Mostra-se profundamente irritante e a raiar o intrinsecamente estúpido esta vaga de displicência, afirmação pública da ignorância, desinteresse e total laxismo quanto aos destinos da sociedade, cuja orientação parte de resultados eleitorais. Obviamente, este entendimento e sentimento é nosso! Todavia, aqueles de nós, netos e sobrinhos netos de Senhoras nascidas no dealbar do Século passado, que apenas depois dos 70 anos de idade adquiriram o direito de voto, compreendem a importância da aquisição do direito de voto.

No Município de Loures, o Hospital, durante décadas ansiado, recebeu o nome de Beatriz Ângelo. Carolina Beatriz Ângelo de sua graça, licenciou-se em Medicina, escreveu artigos de investigação, foi a primeira Médica-cirurgiã portuguesa, a primeira a operar nos másculos, masculinos e machistas blocos operatórios, mas acima de tudo foi a primeira Mulher a exercer o direito de voto.

A história conta-se em duas penadas. Após a implantação da República, em 5 de Outubro de 1910, foram marcadas eleições para a Assembleia Constituinte, a realizar em Maio de 1911. Sendo que, a lei eleitoral, a primeira, concedia o direito de voto aos «cidadãos portugueses com mais de 21 anos, que soubessem ler e escrever e fossem chefes de família».

Ora, Carolina Beatriz Ângelo, ao ler a Lei não hesitou, pois como gramaticalmente, o plural masculino das palavras inclui o masculino e o feminino, estava incluída em «Cidadãos», ao contrário da moda agora em voga dos «cidadãos e cidadãs» … Viúva, com uma filha menor a cargo, maior de 21 anos e com instrução, requereu a sua inclusão no recenseamento. Porém, viu ser-lhe negado tal pedido, o que a levou a recorrer a Tribunal, visto que a lei não excluía expressamente as mulheres.

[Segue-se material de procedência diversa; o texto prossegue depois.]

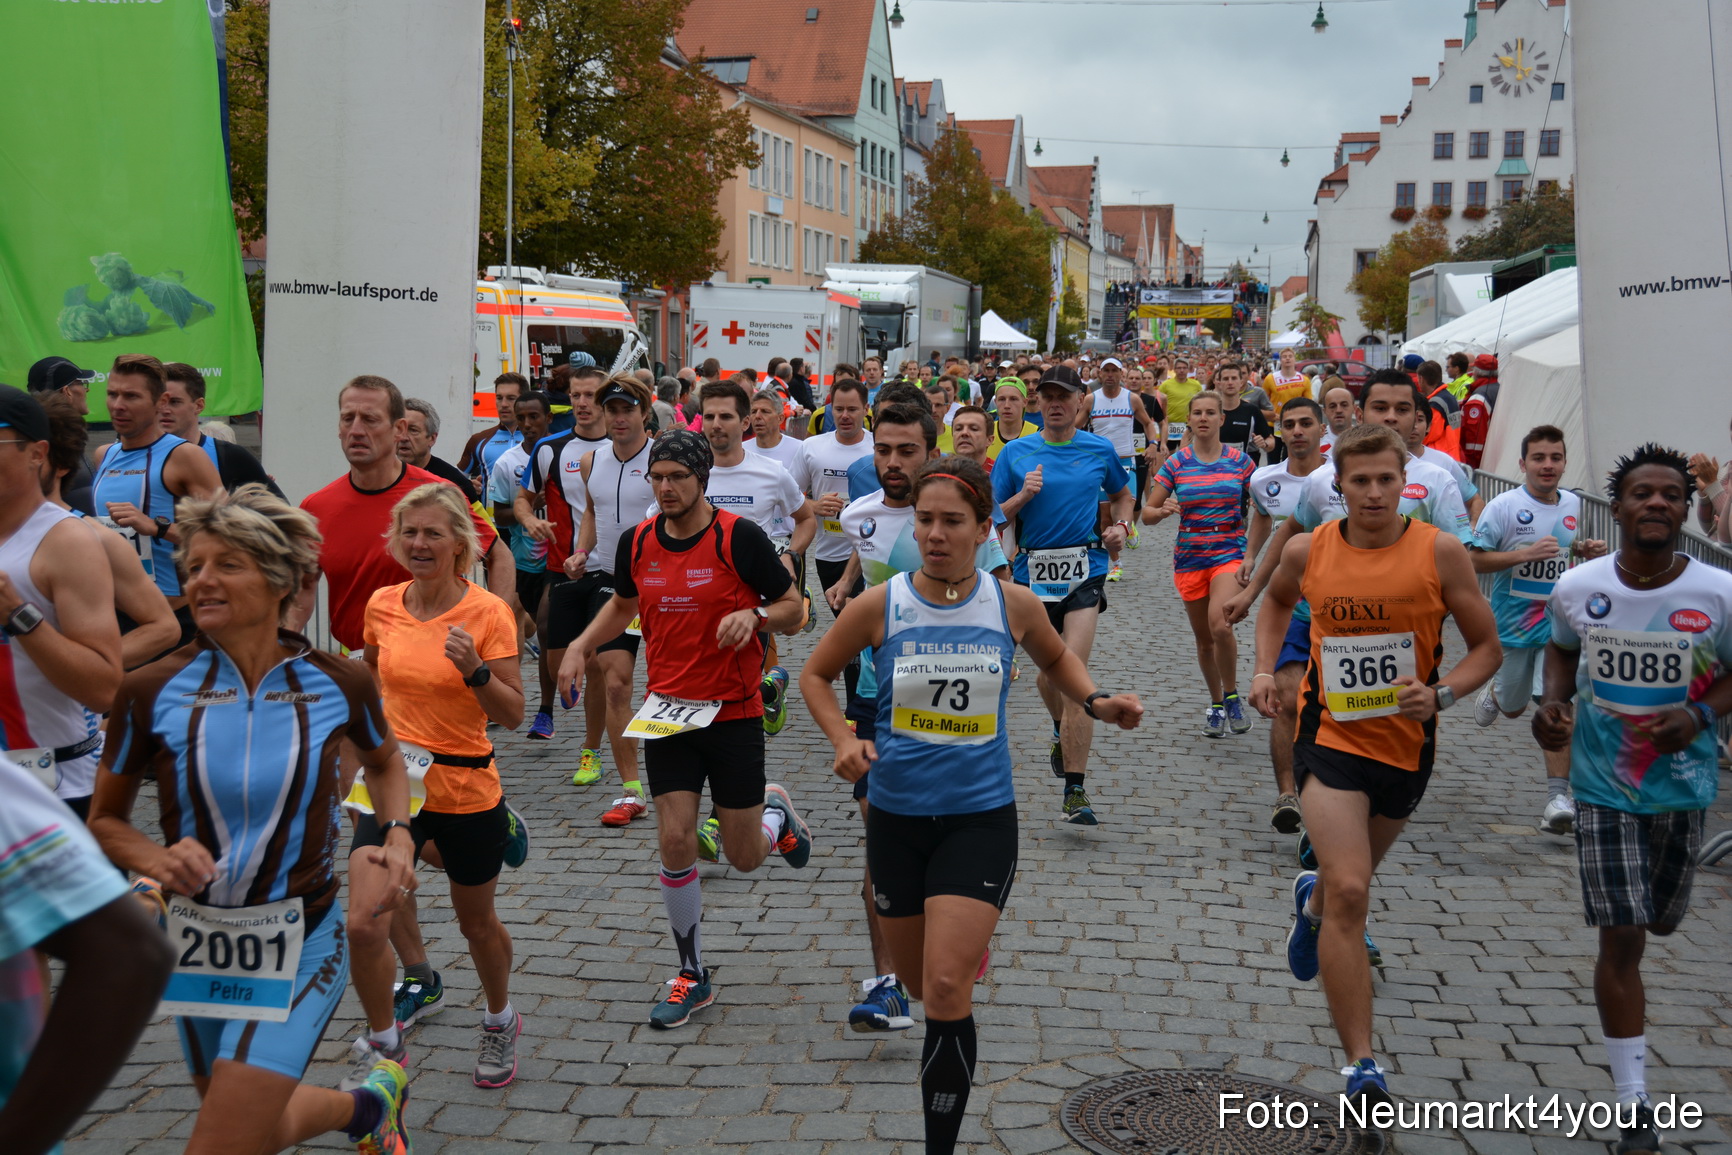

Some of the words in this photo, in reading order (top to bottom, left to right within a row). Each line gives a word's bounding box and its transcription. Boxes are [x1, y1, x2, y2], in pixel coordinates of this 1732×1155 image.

[269, 279, 438, 302] www.bmw-laufsport.de
[1168, 308, 1200, 316] START
[749, 321, 793, 330] Bayerisches
[749, 330, 770, 338] Rotes
[748, 339, 770, 347] Kreuz
[1035, 560, 1085, 581] 2024
[1519, 560, 1566, 580] 3089
[1331, 604, 1390, 621] OEXL
[919, 643, 953, 654] TELIS
[958, 643, 1001, 656] FINANZ
[1323, 645, 1350, 653] PARTL
[1352, 642, 1397, 653] Neumarkt
[1588, 635, 1621, 646] PARTL
[1623, 639, 1673, 649] Neumarkt
[897, 664, 932, 674] PARTL
[935, 664, 984, 673] Neumarkt
[1339, 654, 1397, 688] 366
[1597, 649, 1682, 683] 3088
[928, 678, 970, 712] 73
[1346, 692, 1394, 709] Richard
[651, 701, 703, 723] 247
[910, 713, 979, 733] Eva-Maria
[179, 926, 286, 971] 2001
[209, 980, 254, 1001] Petra

Assim, corria o ano de 1911, quando o Juiz João Baptista de Castro, pai de uma jovem sufragista, proferiu a sentença que faria história: «Excluir a mulher (…) só por ser mulher (…) é simplesmente absurdo e iníquo e em oposição com as próprias ideias da democracia e justiça proclamadas pelo Partido Republicano. (…) Onde a lei não distingue, não pode o julgador distinguir (…) e mando que a reclamante seja incluída no recenseamento eleitoral».

Com mais algumas turbulências, certo é que Carolina Beatriz Ângelo exerceu o seu direito de voto. O que, de resto, foi notícia pelo Mundo fora, pois o movimento sufragista era já imparável. Não obstante, cá no burgo, logo em 1913, a lei eleitoral foi alterada passando a constar cidadãos do sexo masculino… Somente após o 25 de Abril o direito de voto passou a ser universal, não distinguindo pelo sexo, instrução, capacidade económica, etc.

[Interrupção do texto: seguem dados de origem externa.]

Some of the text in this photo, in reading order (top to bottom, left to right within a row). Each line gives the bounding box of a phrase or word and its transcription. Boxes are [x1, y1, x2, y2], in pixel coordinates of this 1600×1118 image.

Mostra-se consagrado no artigo 49º da nossa Lei Fundamental, o Direito de Sufrágio, bem como a menção a tratar-se de um dever cívico. Direito, Dever, Dever, Direito, parece que tanto faz… especialmente por inexistirem consequências pessoais no incumprimento do dever! Por exemplo no Brasil, há lugar à aplicação de multa pelo não exercício do direito de voto! Se pensarmos que o sexo, a família de nascimento, com as condicionante do acesso à educação, ser ou não chefe de família, a cor da pele, etc, constituíam óbices ao direito de voto, isto parece profundamente longínquo.

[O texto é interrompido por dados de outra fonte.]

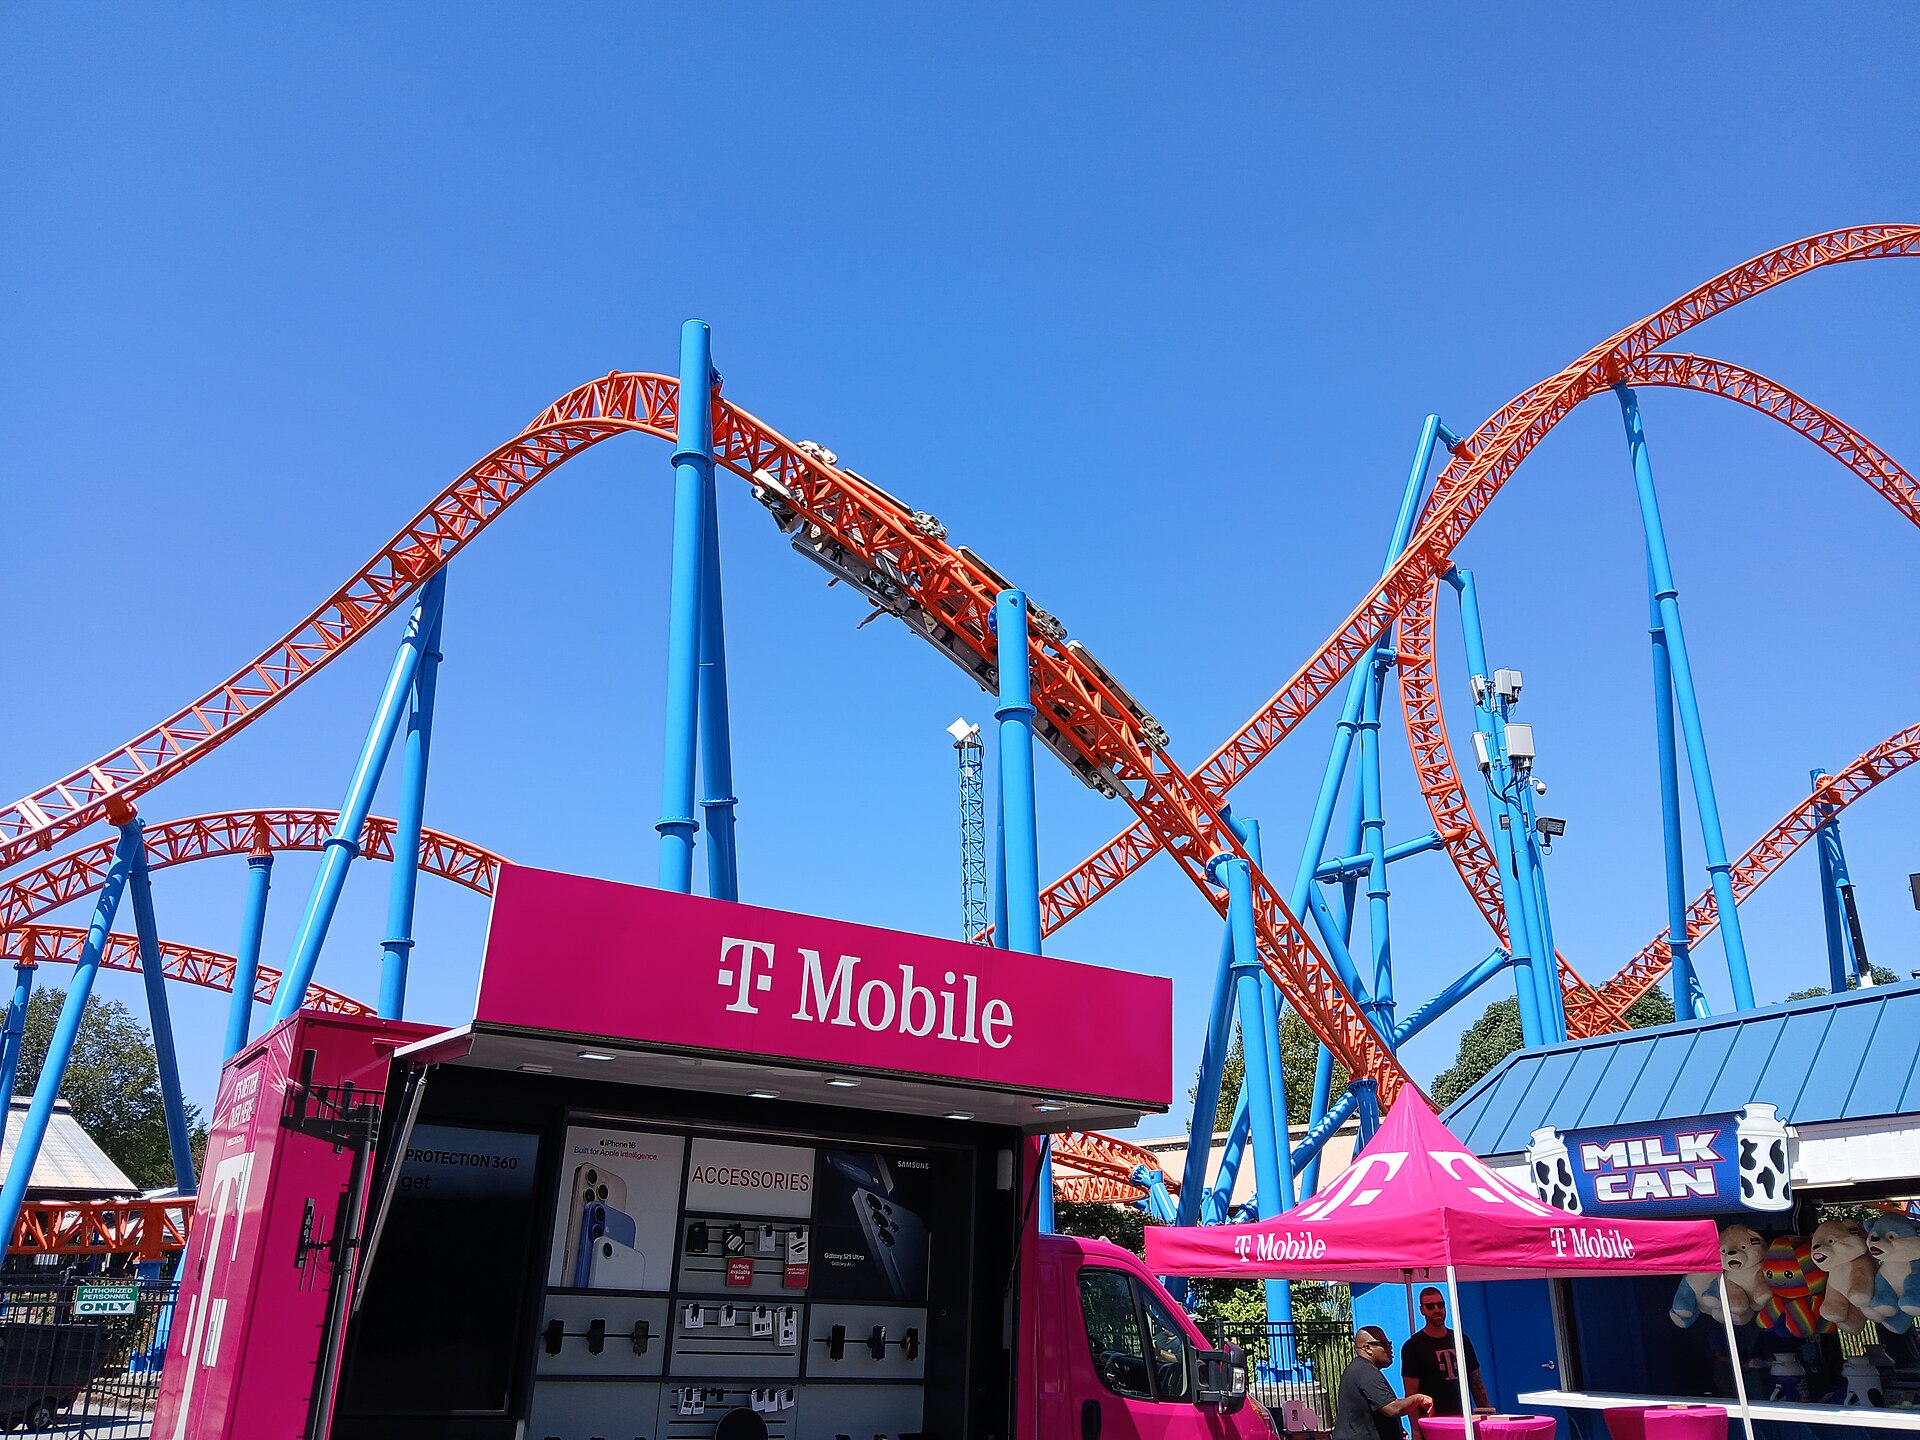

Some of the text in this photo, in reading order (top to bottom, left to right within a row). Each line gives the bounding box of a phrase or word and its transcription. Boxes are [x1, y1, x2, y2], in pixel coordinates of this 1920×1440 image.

[717, 936, 1013, 1048] T Mobile
[574, 1146, 589, 1155] Built
[600, 1149, 620, 1157] Apple
[605, 1139, 636, 1149] iPhone 16
[1580, 1130, 1726, 1172] MILK
[405, 1149, 491, 1168] PROTECTION
[897, 1161, 930, 1170] SAMSUNG
[401, 1174, 432, 1192] get
[691, 1165, 810, 1192] ACCESSORIES
[1594, 1165, 1719, 1204] CAN
[1234, 1231, 1327, 1263] T Mobile
[1550, 1228, 1636, 1259] T Mobile
[824, 1252, 843, 1261] Galaxy
[80, 1302, 131, 1312] ONLY

Mas não é tanto assim, quando olhamos para o globo terrestre e percebemos que em tantos sítios do mundo este direito não existe de forma universal. Ainda que não perceba de «política» qualquer cidadão percebe de direitos e benefícios, sofre com impostos, e apercebe-se do sentimento generalizado de viver assim-assim, mal ou benzinho, certo?

Não querer perceber que o exercício do direito de voto é um dever de cidadania é pretender ignorar que quem faz leis, quem nos governa, central ou localmente, quem pode exercer pressão e influência são os nossos representantes, os eleitos. E se estamos descontentes ou insatisfeitos, ou expectantes pela continuidade, temos ao nosso alcance, com uma mera esferográfica e uma cruzinha no boletim de voto o poder de eleger. Eleger quem nos governa e quem faz as leis a que temos de obedecer, eleger quem será oposição e representa os nossos pontos de vista, ainda que diferentes, de minorias ou fraturantes. Vote, não esqueça que muitos lutaram e penaram para poderem votar.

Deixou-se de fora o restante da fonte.